Sunday, July 1, 2012

E-tailers Will Turn to Amazon Alternatives


Amazon’s 85 million unique visitors a month produce huge sales increases for e-tailers who participate in Amazon’s MarketPlace, but those e-tailers also suffer crippling competitive set backs at Amazon’s hands.  The fees and strategic costs of doing business with Amazon present an opportunity for another market leader to offer an un-Amazon model.

Amazon’s charges to MarketPlace participants range between 6% and 15% of sales, and for larger sellers, may also include a monthly membership fee.  Many e-tailers would be thrilled with that, if that were the only price to pay to obtain the 50% average increase in sales experienced by MarketPlace participants.  The bigger price to pay is that Amazon takes the best ideas from the MarketPlace and enters into direct competition with the e-tailers.  With Amazon charging up to 15% and controlling the placement of products on the site, many e-tailers who came to MarketPlace to grow their business instead struggle to maintain sales volume.

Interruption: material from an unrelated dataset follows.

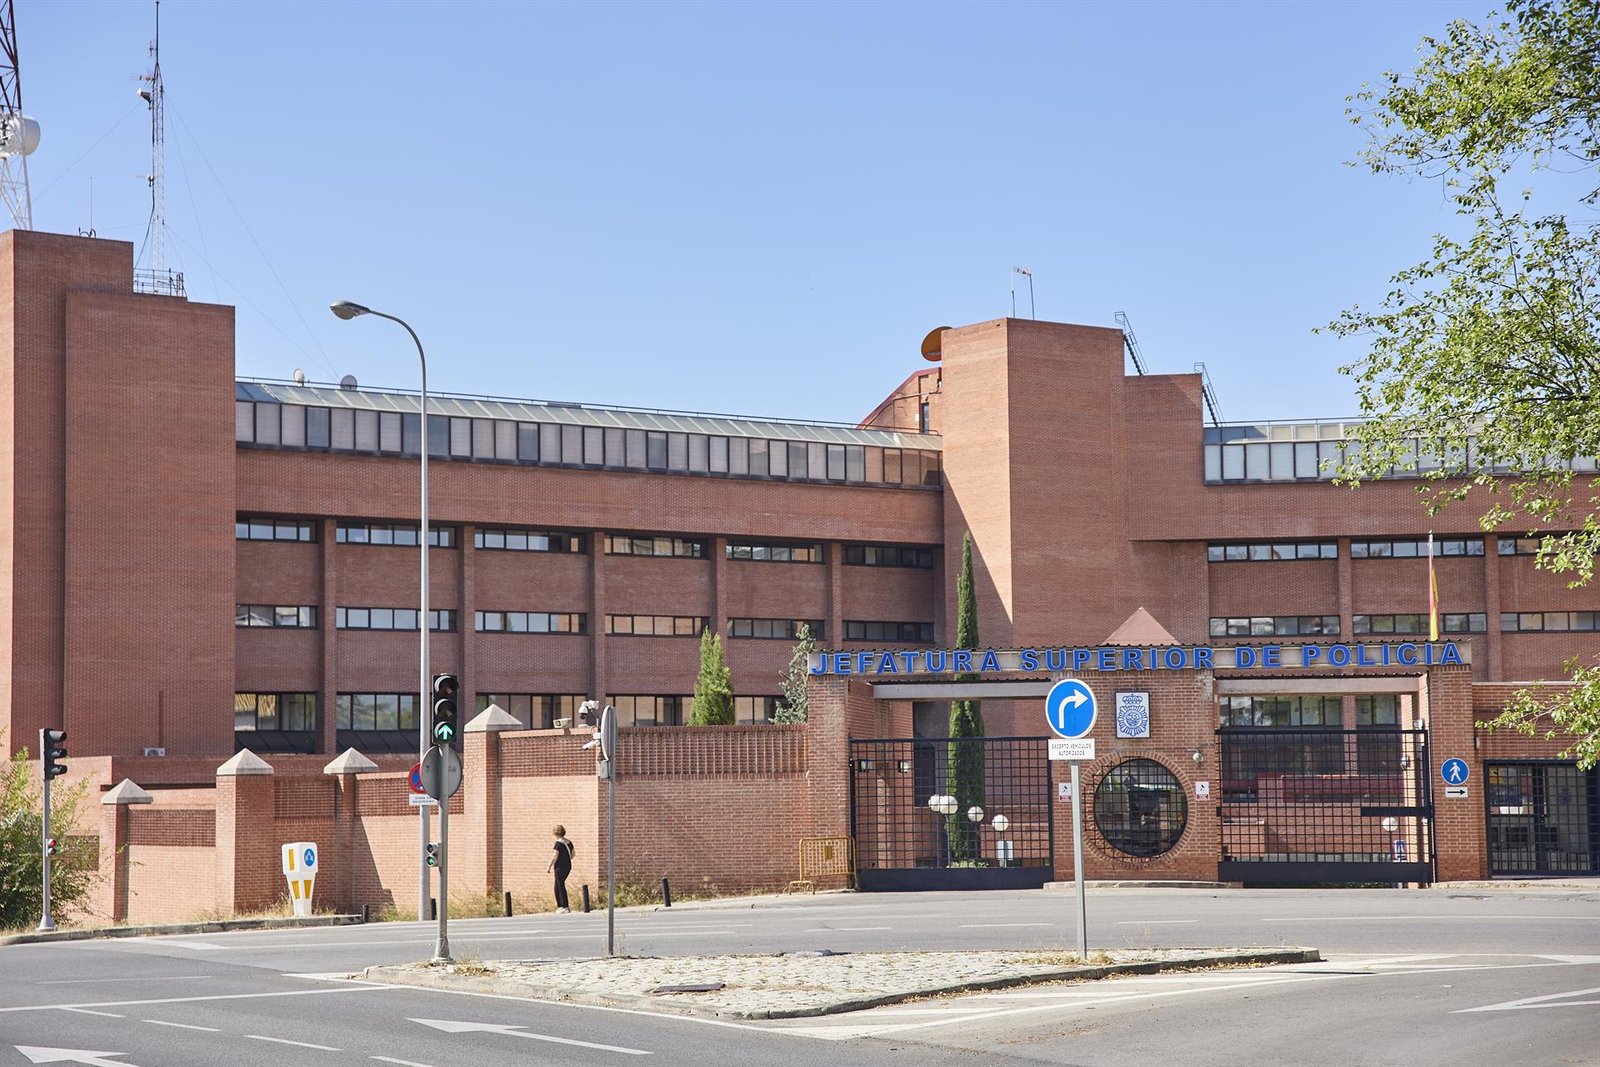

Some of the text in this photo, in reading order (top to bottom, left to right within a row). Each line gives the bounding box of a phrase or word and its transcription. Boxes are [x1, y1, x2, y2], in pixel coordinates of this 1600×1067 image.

[811, 643, 1464, 676] JEFATURA SUPERIOR DE POLICIA

eBay’s shopping.com is an advertising platform that serves as an un-Amazon alternative to MarketPlace.  If ebay.com resembles a sophisticated flea market, shopping.com resembles an on-line shopping mall.   With 100 million unique visitors per month, shopping.com offers the traffic that e-tailers need to boost sales. Shopping.com offers a straight-forward cost-per-click pricing model and the advantage that the aggregator doesn’t compete with the e-tailers who offer their products via the site.  E-tailers gain additional advantage at shopping.com, because it feeds traffic into the e-tailers’ own on-line stores giving the e-tailer control over their own image.

The history of the brick and mortar department store offers parallels to Amazon’s MarketPlace.  Department stores have always had to balance between offering designer labels that attract fashion conscious shoppers with the value and margin control of equivalent products under the in-house label. Much energy has always been expended in managing this difficult relationship.  Amazon is replicating the challenges of that relationship.   Much as Levis started The Gap to go around department stores for direct access to customers in shopping malls, e-tailers will gain direct access to online shoppers via alternative aggregation model such as shopping.com.  

As the on-line shopping world flattens more and more, e-tailers will turn to Amazon less-and-less.    They will discover a wider range of options.  They will strengthen their own stores and will turn to alternatives such as shopping.com.

Information Sources: Wall Street Journal, 6/27/2012, “Competing with Amazon on Amazon” by Greg Bensinger, www.ebay.com,  www.shopping.com.